A spacecraft looping around the Sun has made its first close approach – and filmed the encounter in glorious detail.
The European Space Agency’s (ESA) Solar Orbiter entered the close encounter, known as perihelion, on 26 March, coming in at a distance of around 48 million kilometers (30 million miles), inside the orbit of Mercury.
At that proximity, temperatures reached around 500 degrees Celsius (930 degrees Fahrenheit). Future perihelions are expected to get even closer and hotter.
As it swooped around its orbit, the spacecraft saw the Sun as we have never seen it before – including a fascinating, mysterious feature nicknamed a ‘hedgehog’, and detailed views of the usually hidden solar poles.
These new observations, taken with Solar Orbiter’s 10 scientific instruments working together for the first time, should provide a wealth of data for teasing out the behavior of the Sun, including its wild magnetic fields, and the sometimes chaotic weather it blasts out into interplanetary space .
We already saw a spectacular, high-resolution image from the spacecraft as it made its close approach. Now ESA has released video of the encounter, for a solar probe’s-eye view of our magnificent star.
Solar Orbiter is set to make a huge difference to solar science, not least because it can show us parts of the Sun we can’t usually see. For example, because of Earth’s vantage point in orbit around the sun’s equator, its poles are extremely difficult to study; only a spacecraft orbiting above and below the Sun can see those regions.
The polar regions are thought to be extremely important regions for the solar magnetic fields that play such a huge role in solar activity. However, because the poles are so hard to see, we don’t know what happens to the magnetic fields there. With its suite of instruments, Solar Orbiter offers unprecedented insight into these enigmatic regions.
Its view of the solar south pole on March 30 revealed a region seething with looping magnetic field lines arcing away from the Sun.
The solar ‘hedgehog’ is another fascination. It, too, was captured on 30 March, and solar physicists are yet to figure out exactly what it is, and how it formed. It consists of a relatively small region about 25,000 kilometers across, imaged in extreme ultraviolet to reveal the activity therein.
And what activity: hot and less hot spikes of solar gas are sticking out in all directions in the solar corona, or atmosphere, like solar bedhead.
“The images are really breathtaking,” says solar physicist David Berghmans of the Royal Observatory of Belgium.
“Even if Solar Obiter stopped taking data tomorrow, I would be busy for years trying to figure all this stuff out.”
Solar Orbiter’s main objective is to help scientists understand the effect the Sun has on the entire heliosphere, or the sphere of solar influence defined by the solar wind, whose boundary lays out beyond the orbit of Pluto.

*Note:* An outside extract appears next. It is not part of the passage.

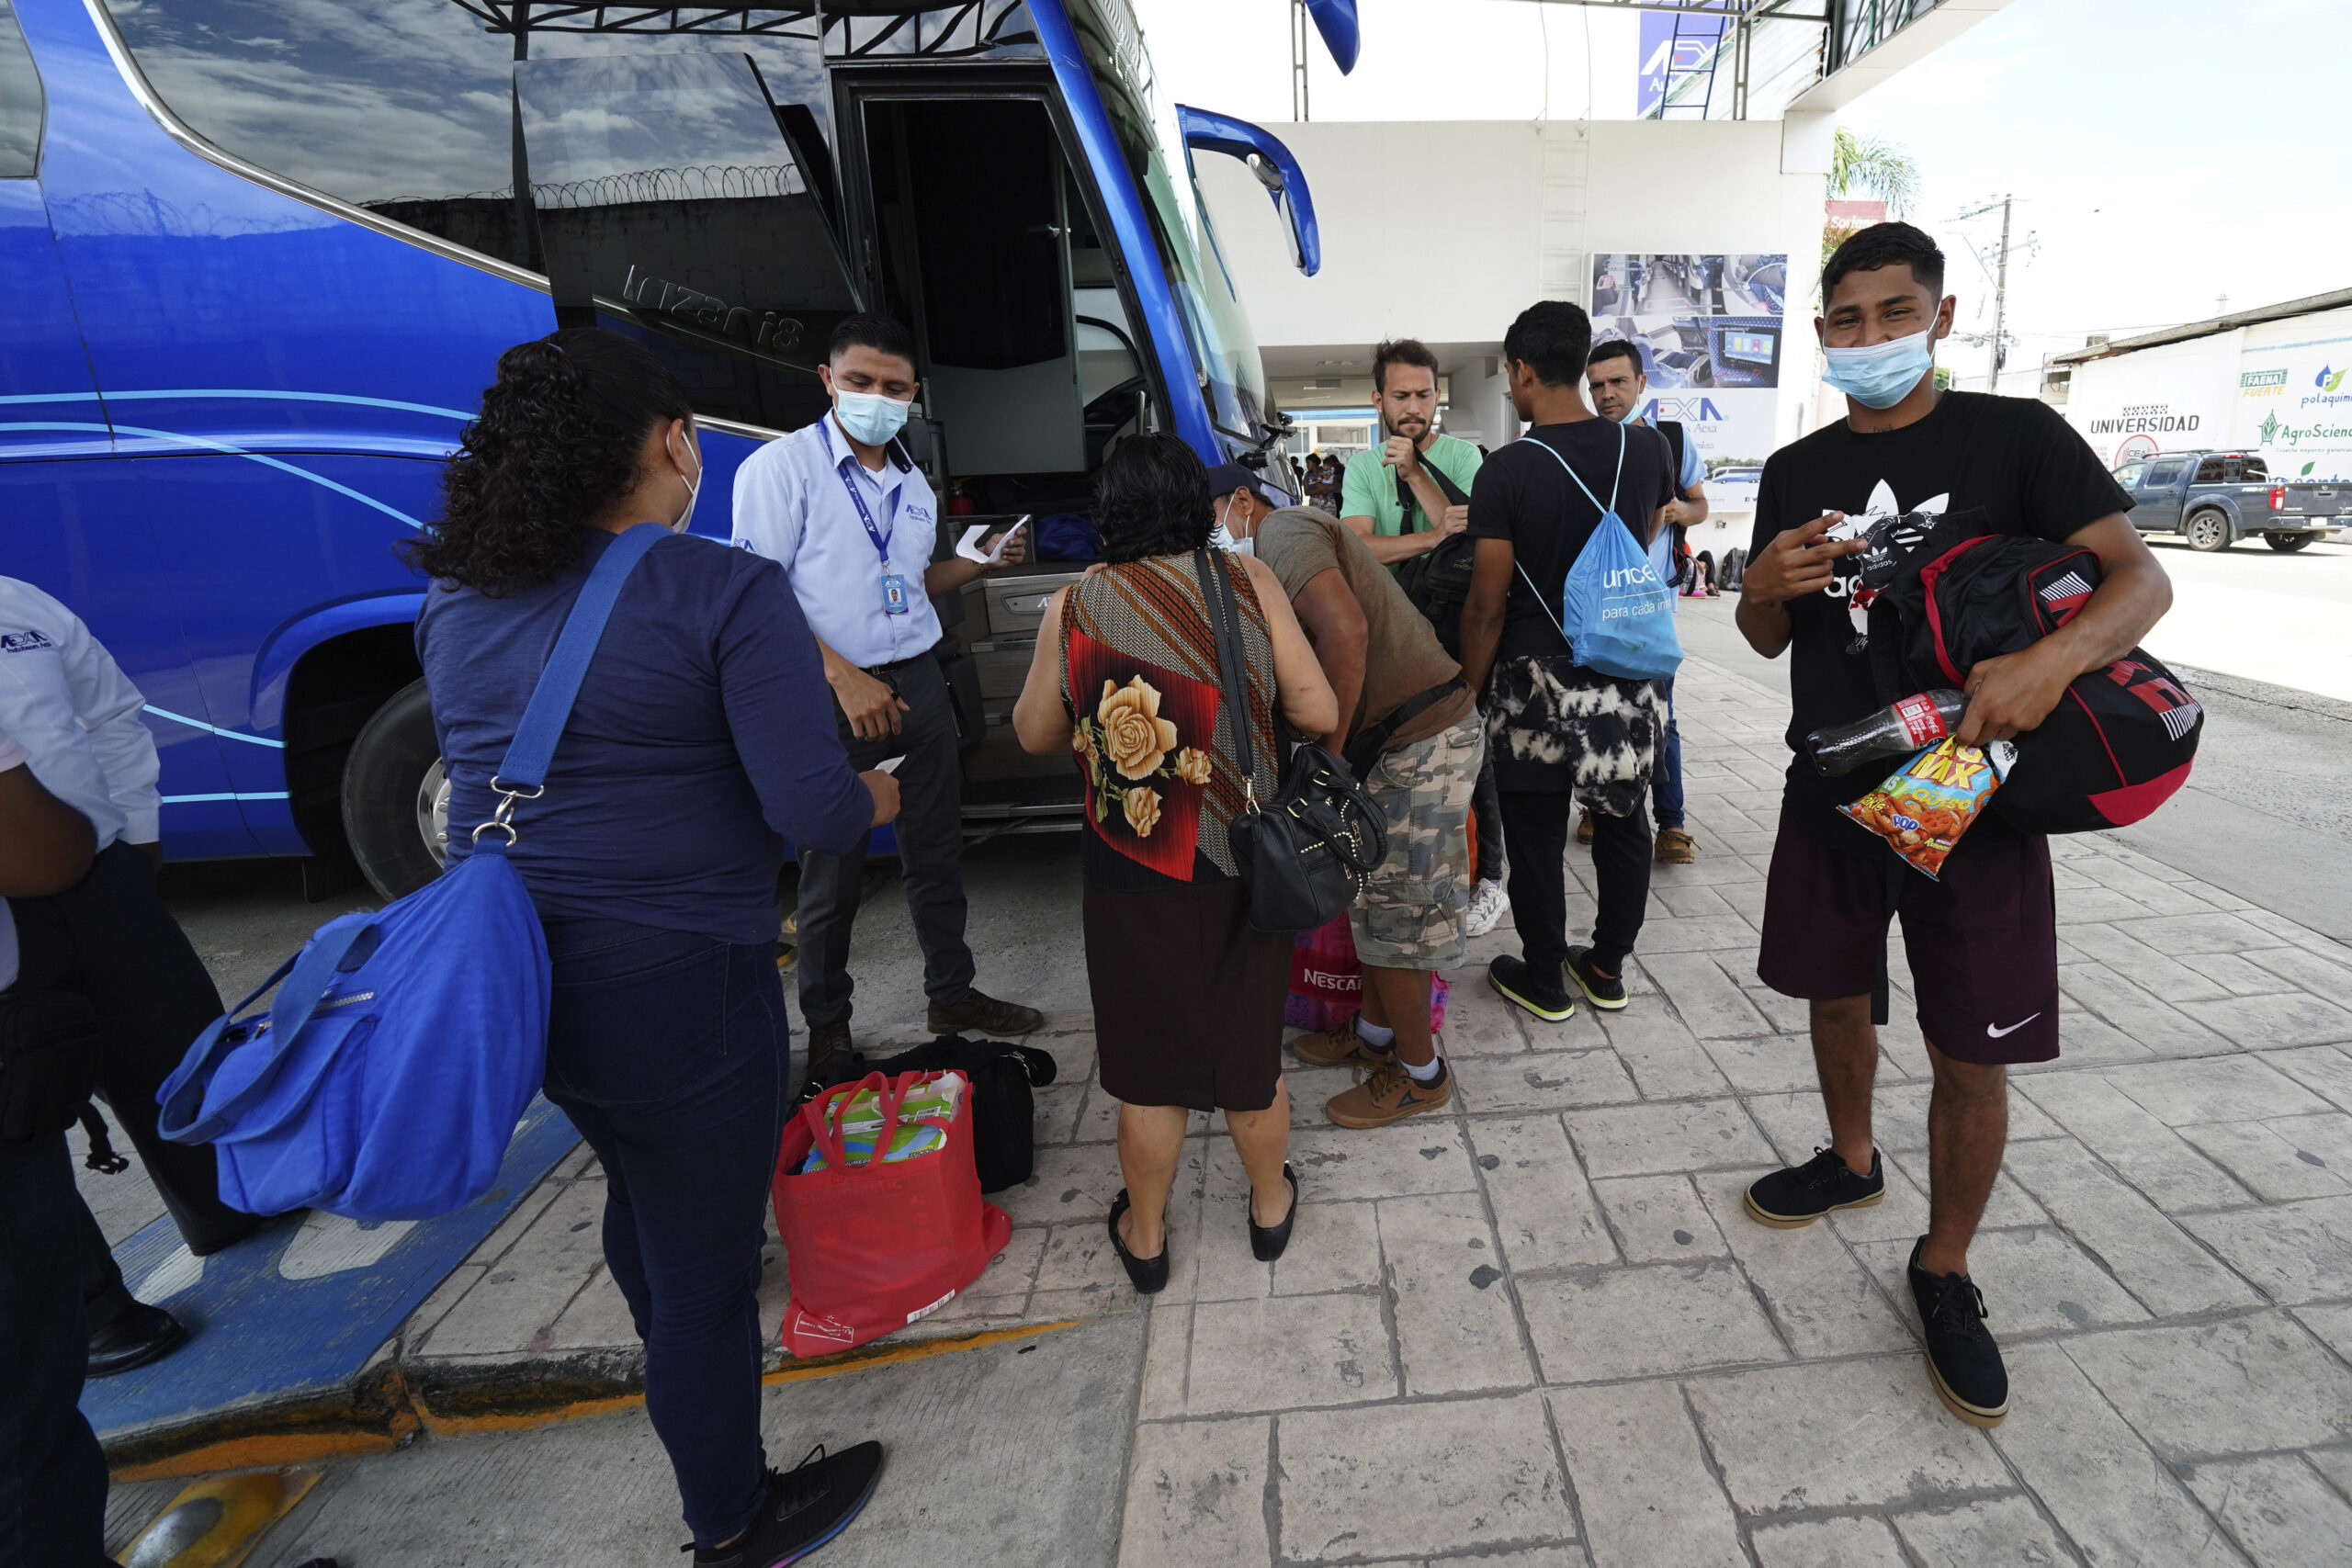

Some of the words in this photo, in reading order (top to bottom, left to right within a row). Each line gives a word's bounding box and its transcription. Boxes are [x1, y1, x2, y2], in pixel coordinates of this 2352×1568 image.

That solar wind blows particles and magnetic fields out into interplanetary space, tangling with the planets with tangible effects.
The closer Solar Orbiter approaches the Sun, the better it will be able to sample how the solar wind blows. As it drew near perihelion, on 21 March, it detected an outflow of energetic particles, and even from this distance, the detection was revealing. The more energetic particles arrived first, followed by the less energetic ones. This suggested that the particles were not produced near Solar Orbiter’s position, but close to the surface of the Sun.
Other instruments picked up solar events that could have produced the particles, accelerating them out into space, including a solar flare and coronal mass ejection, not dissimilar to a CME observed by the spacecraft on 10 March, seen below.
The Sun is currently quite active, which means the spacecraft is going to be beaming home absolute bucketloads of valuable data on solar activity. It has at least 14 more perihelions scheduled before 2030, in which it will swoop as close as 40 million kilometers from the Sun, using Venus flybys to boost its speed as it whirls around.
This first perihelion, so rich with new data and observations, is a tantalizing taste of the solar bonanza to come.
“We are so thrilled with the quality of the data from our first perihelion,” says solar physicist Daniel MüllerESA Project Scientist for Solar Orbiter.
“It’s almost hard to believe that this is just the start of the mission. We are going to be very busy indeed.”